Take the line containing "this 2250×1500 image." and every line after it in the data below, and print them exactly as given, with nothing else.

───

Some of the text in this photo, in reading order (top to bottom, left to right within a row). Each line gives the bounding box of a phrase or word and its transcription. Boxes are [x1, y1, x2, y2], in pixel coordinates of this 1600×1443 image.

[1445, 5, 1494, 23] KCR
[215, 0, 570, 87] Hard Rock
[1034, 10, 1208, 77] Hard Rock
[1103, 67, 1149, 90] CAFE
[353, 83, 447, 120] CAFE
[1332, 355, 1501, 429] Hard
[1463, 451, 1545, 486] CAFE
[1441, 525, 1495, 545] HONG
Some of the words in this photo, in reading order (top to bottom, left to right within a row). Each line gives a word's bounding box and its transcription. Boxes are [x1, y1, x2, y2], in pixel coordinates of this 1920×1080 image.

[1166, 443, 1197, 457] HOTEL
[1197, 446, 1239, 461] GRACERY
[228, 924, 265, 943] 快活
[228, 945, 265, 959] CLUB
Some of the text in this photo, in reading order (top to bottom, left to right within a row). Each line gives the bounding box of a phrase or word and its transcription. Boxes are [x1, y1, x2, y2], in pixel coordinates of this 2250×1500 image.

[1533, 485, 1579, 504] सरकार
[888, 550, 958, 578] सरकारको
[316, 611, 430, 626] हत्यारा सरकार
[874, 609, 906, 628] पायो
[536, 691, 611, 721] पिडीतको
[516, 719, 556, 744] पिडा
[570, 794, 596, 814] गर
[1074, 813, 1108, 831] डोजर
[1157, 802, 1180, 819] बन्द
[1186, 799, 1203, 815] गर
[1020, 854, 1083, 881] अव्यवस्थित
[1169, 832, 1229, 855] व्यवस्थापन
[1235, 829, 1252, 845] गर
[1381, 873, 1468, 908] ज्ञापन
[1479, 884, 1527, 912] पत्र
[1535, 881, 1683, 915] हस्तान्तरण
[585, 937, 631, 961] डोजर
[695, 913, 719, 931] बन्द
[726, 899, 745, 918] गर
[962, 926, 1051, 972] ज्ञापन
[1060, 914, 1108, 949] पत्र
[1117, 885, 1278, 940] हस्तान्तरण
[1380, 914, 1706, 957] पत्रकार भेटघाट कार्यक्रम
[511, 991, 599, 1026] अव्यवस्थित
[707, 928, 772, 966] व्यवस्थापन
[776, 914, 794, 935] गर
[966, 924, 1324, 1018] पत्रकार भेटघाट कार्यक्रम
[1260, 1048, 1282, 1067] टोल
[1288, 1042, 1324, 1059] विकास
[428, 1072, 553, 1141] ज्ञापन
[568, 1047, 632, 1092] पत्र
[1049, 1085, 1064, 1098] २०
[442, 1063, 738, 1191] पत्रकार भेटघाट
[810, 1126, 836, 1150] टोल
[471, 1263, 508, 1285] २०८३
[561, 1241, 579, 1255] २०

───

**TASK RESULT:**
Some of the text in this photo, in reading order (top to bottom, left to right within a row). Each line gives the bounding box of a phrase or word and its transcription. Boxes are [x1, y1, x2, y2], in pixel coordinates of this 2250×1500 image.

[1533, 485, 1579, 504] सरकार
[888, 550, 958, 578] सरकारको
[316, 611, 430, 626] हत्यारा सरकार
[874, 609, 906, 628] पायो
[536, 691, 611, 721] पिडीतको
[516, 719, 556, 744] पिडा
[570, 794, 596, 814] गर
[1074, 813, 1108, 831] डोजर
[1157, 802, 1180, 819] बन्द
[1186, 799, 1203, 815] गर
[1020, 854, 1083, 881] अव्यवस्थित
[1169, 832, 1229, 855] व्यवस्थापन
[1235, 829, 1252, 845] गर
[1381, 873, 1468, 908] ज्ञापन
[1479, 884, 1527, 912] पत्र
[1535, 881, 1683, 915] हस्तान्तरण
[585, 937, 631, 961] डोजर
[695, 913, 719, 931] बन्द
[726, 899, 745, 918] गर
[962, 926, 1051, 972] ज्ञापन
[1060, 914, 1108, 949] पत्र
[1117, 885, 1278, 940] हस्तान्तरण
[1380, 914, 1706, 957] पत्रकार भेटघाट कार्यक्रम
[511, 991, 599, 1026] अव्यवस्थित
[707, 928, 772, 966] व्यवस्थापन
[776, 914, 794, 935] गर
[966, 924, 1324, 1018] पत्रकार भेटघाट कार्यक्रम
[1260, 1048, 1282, 1067] टोल
[1288, 1042, 1324, 1059] विकास
[428, 1072, 553, 1141] ज्ञापन
[568, 1047, 632, 1092] पत्र
[1049, 1085, 1064, 1098] २०
[442, 1063, 738, 1191] पत्रकार भेटघाट
[810, 1126, 836, 1150] टोल
[471, 1263, 508, 1285] २०८३
[561, 1241, 579, 1255] २०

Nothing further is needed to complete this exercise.